# EXERCISE REQUIREMENTS
Each record that follows should be repeated exactly, with no pictures carried over.

[Dataset entries]

▬▬▬▬▬▬▬▬▬▬

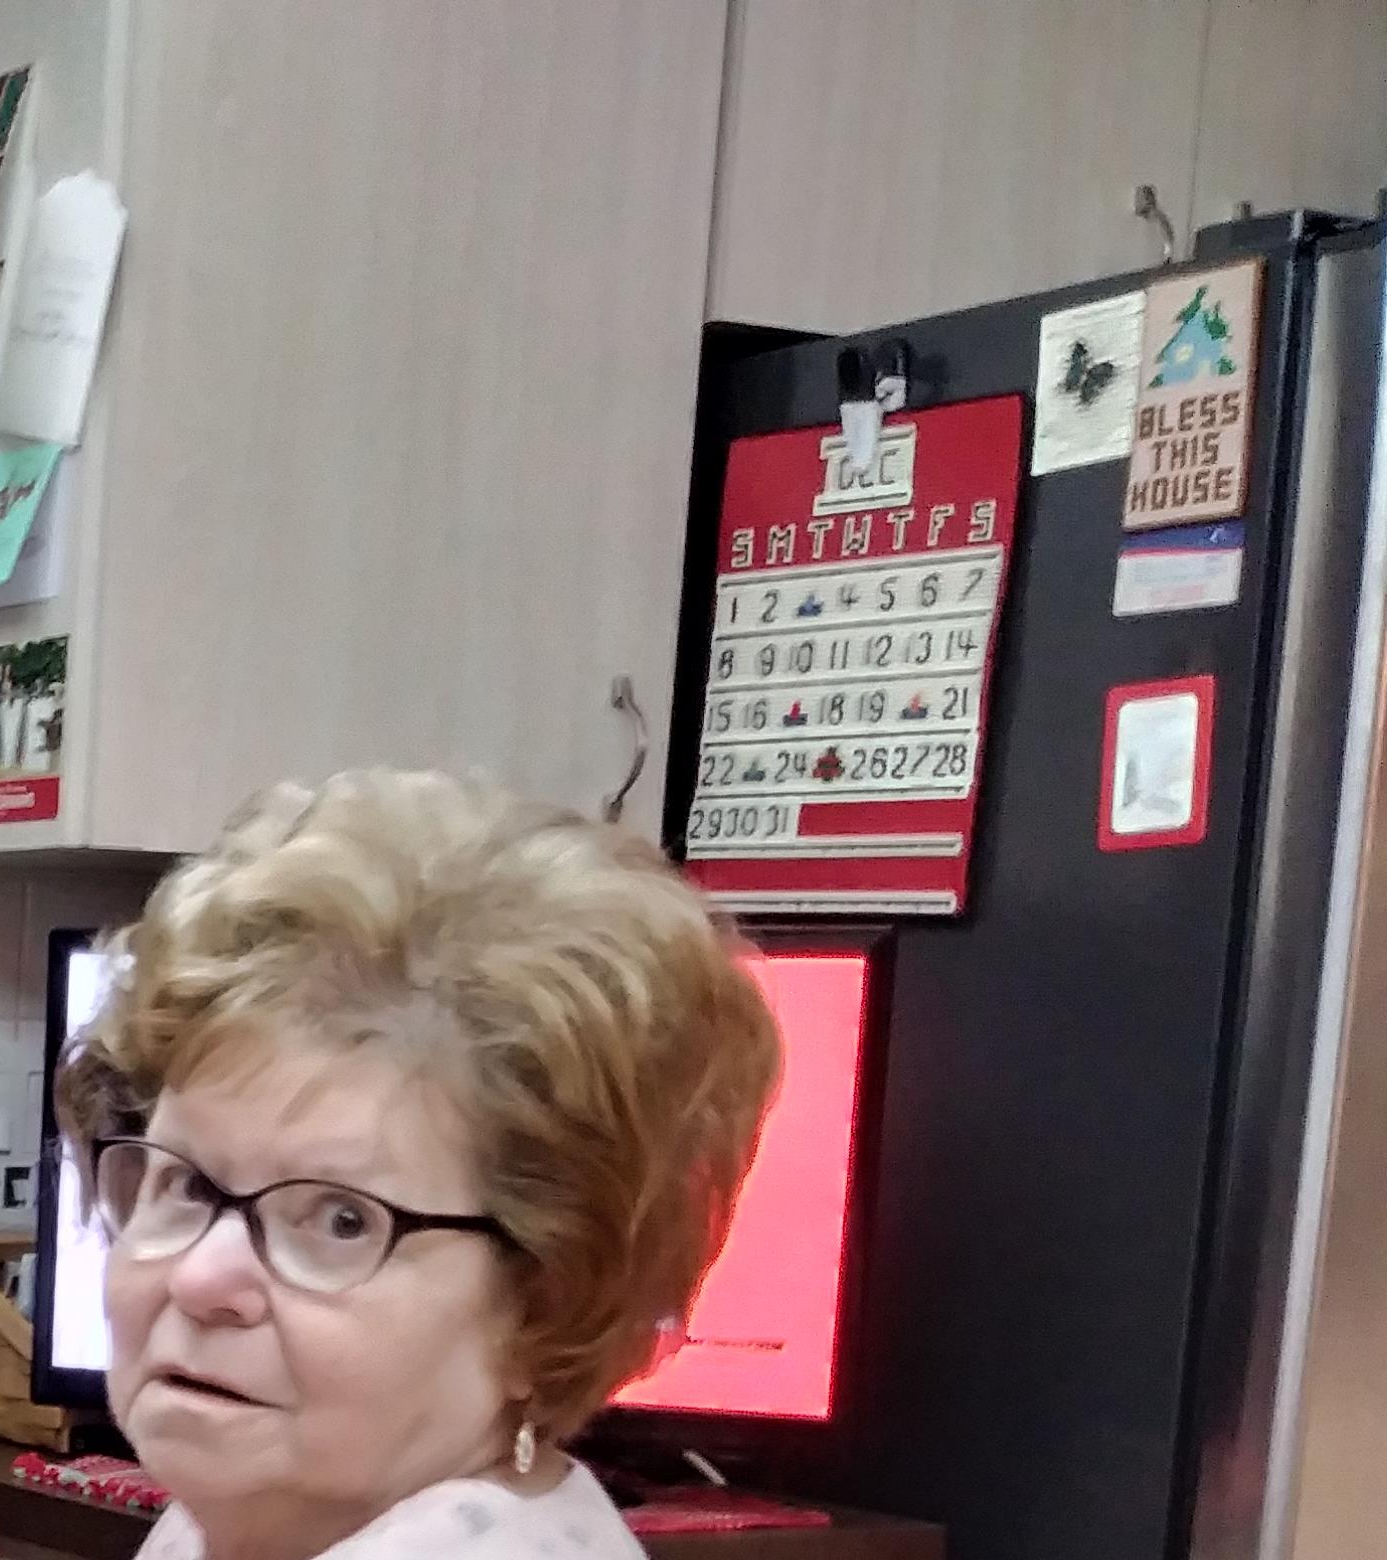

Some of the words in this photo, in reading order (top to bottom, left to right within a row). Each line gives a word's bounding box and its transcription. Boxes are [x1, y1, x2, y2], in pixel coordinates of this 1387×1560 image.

[1139, 390, 1240, 439] BLESS
[1151, 432, 1220, 473] THIS
[1130, 466, 1234, 512] HOUSE
[731, 528, 754, 567] S
[767, 522, 796, 565] M
[808, 519, 834, 559] T
[840, 515, 870, 555] W
[887, 508, 915, 551] T
[927, 503, 955, 546] F
[967, 499, 996, 542] S
[761, 589, 779, 623] 2
[879, 576, 901, 611] 5
[920, 572, 941, 607] 6
[717, 649, 735, 680] 8
[757, 642, 776, 677] 9
[789, 640, 814, 674] 10
[830, 640, 850, 670] 11
[863, 634, 893, 667] 12
[904, 631, 933, 664] 13
[944, 629, 979, 661] 14
[706, 699, 734, 733] 15
[743, 699, 768, 731] 16
[818, 693, 845, 726] 18
[858, 691, 886, 723] 19
[942, 687, 969, 720] 21
[701, 754, 736, 787] 22
[774, 750, 807, 783] 24
[850, 748, 888, 781] 26
[890, 745, 930, 780] 27
[932, 742, 967, 777] 28
[689, 808, 722, 841] 29
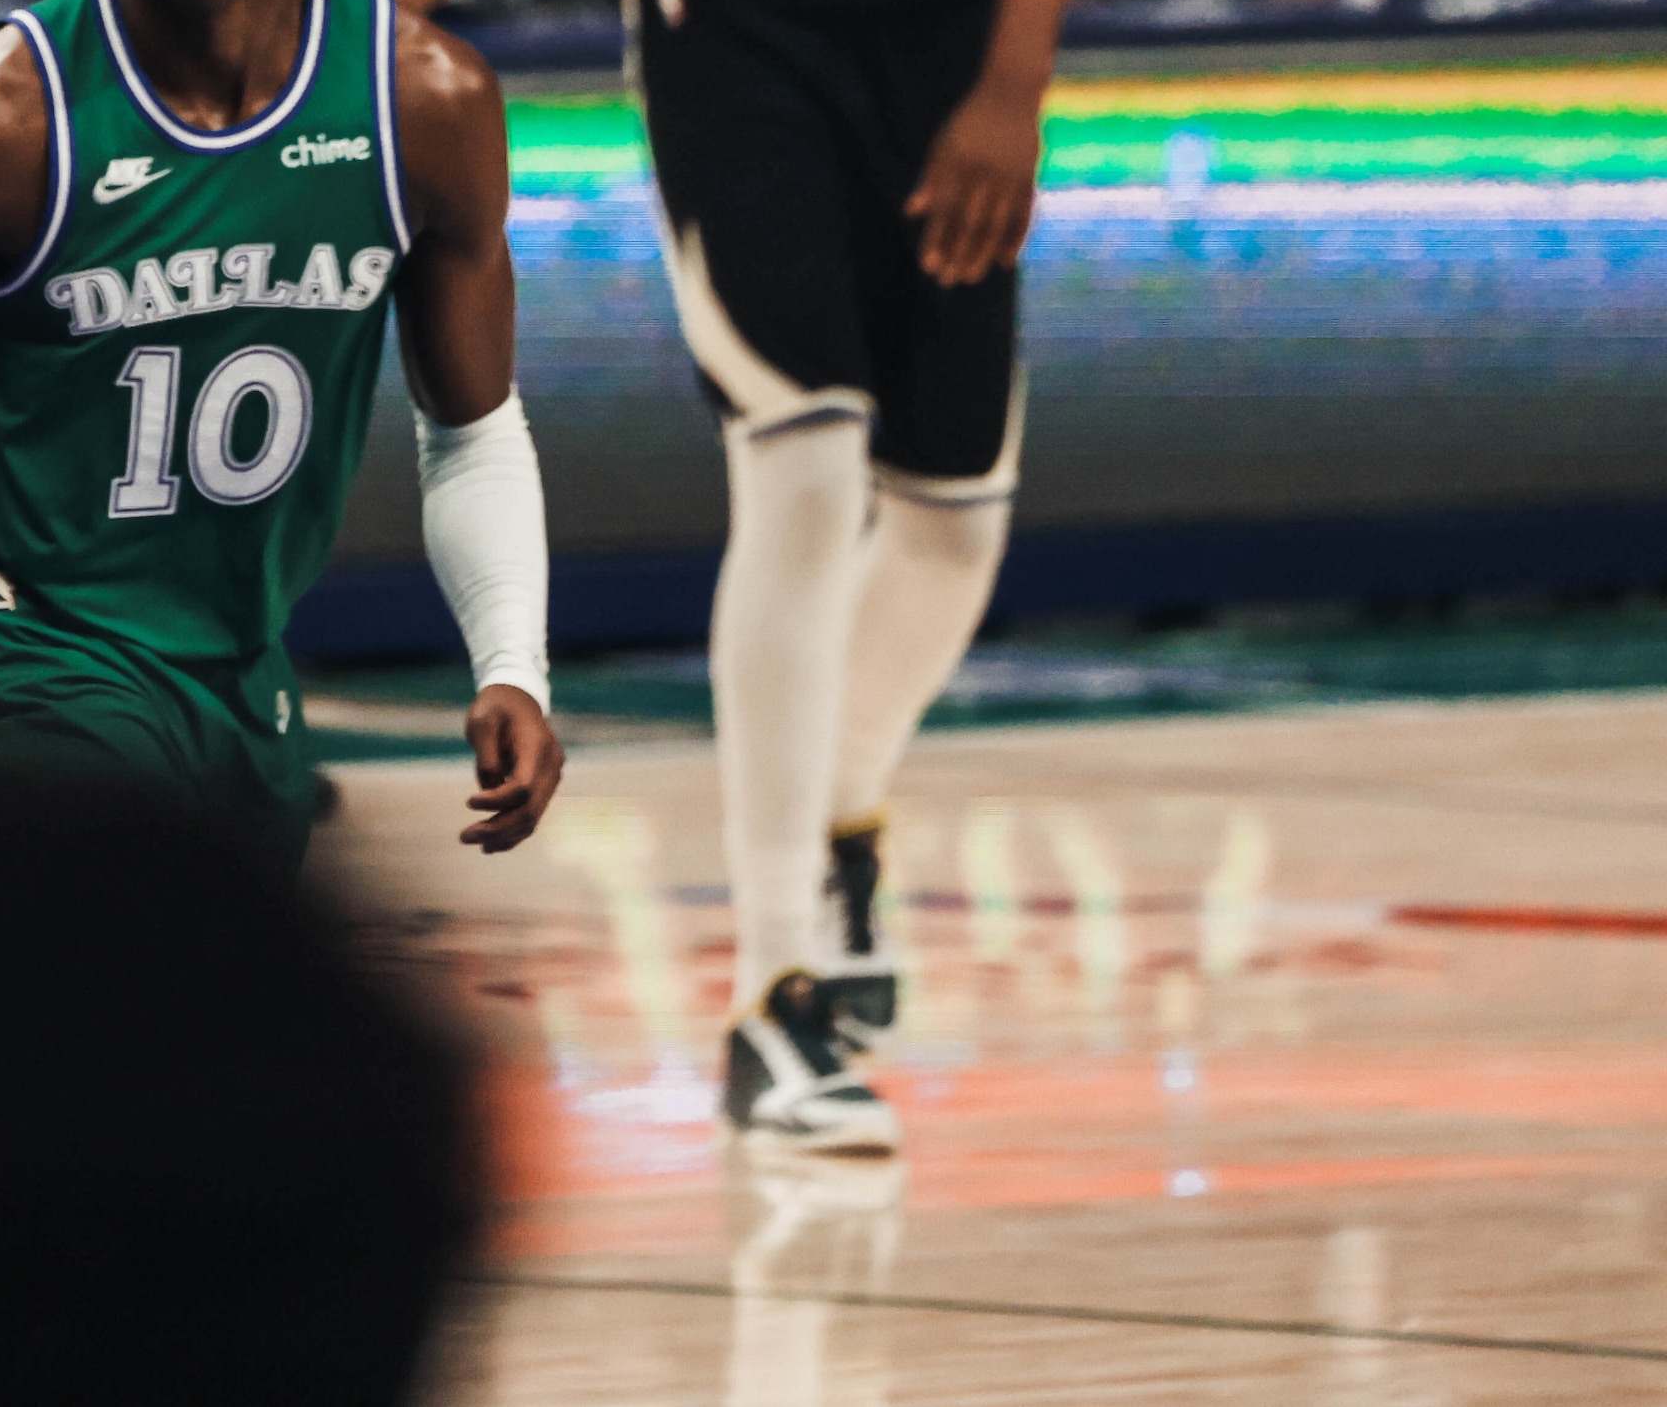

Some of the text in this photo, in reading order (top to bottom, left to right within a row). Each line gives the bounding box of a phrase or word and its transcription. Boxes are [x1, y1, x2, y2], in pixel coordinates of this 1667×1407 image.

▬▬▬▬▬▬▬▬▬▬

# RESULT
Some of the words in this photo, in reading order (top to bottom, left to right within a row). Each line gives a word's bounding box and its transcription. Boxes are [x1, y1, x2, y2], in pixel coordinates of this 1387×1560 image.

[1139, 390, 1240, 439] BLESS
[1151, 432, 1220, 473] THIS
[1130, 466, 1234, 512] HOUSE
[731, 528, 754, 567] S
[767, 522, 796, 565] M
[808, 519, 834, 559] T
[840, 515, 870, 555] W
[887, 508, 915, 551] T
[927, 503, 955, 546] F
[967, 499, 996, 542] S
[761, 589, 779, 623] 2
[879, 576, 901, 611] 5
[920, 572, 941, 607] 6
[717, 649, 735, 680] 8
[757, 642, 776, 677] 9
[789, 640, 814, 674] 10
[830, 640, 850, 670] 11
[863, 634, 893, 667] 12
[904, 631, 933, 664] 13
[944, 629, 979, 661] 14
[706, 699, 734, 733] 15
[743, 699, 768, 731] 16
[818, 693, 845, 726] 18
[858, 691, 886, 723] 19
[942, 687, 969, 720] 21
[701, 754, 736, 787] 22
[774, 750, 807, 783] 24
[850, 748, 888, 781] 26
[890, 745, 930, 780] 27
[932, 742, 967, 777] 28
[689, 808, 722, 841] 29

Some of the text in this photo, in reading order (top to bottom, left to right within a row). Each line gives the bounding box of a phrase or word and its transcription. Boxes are [x1, y1, x2, y2], in pixel coordinates of this 1667×1407 image.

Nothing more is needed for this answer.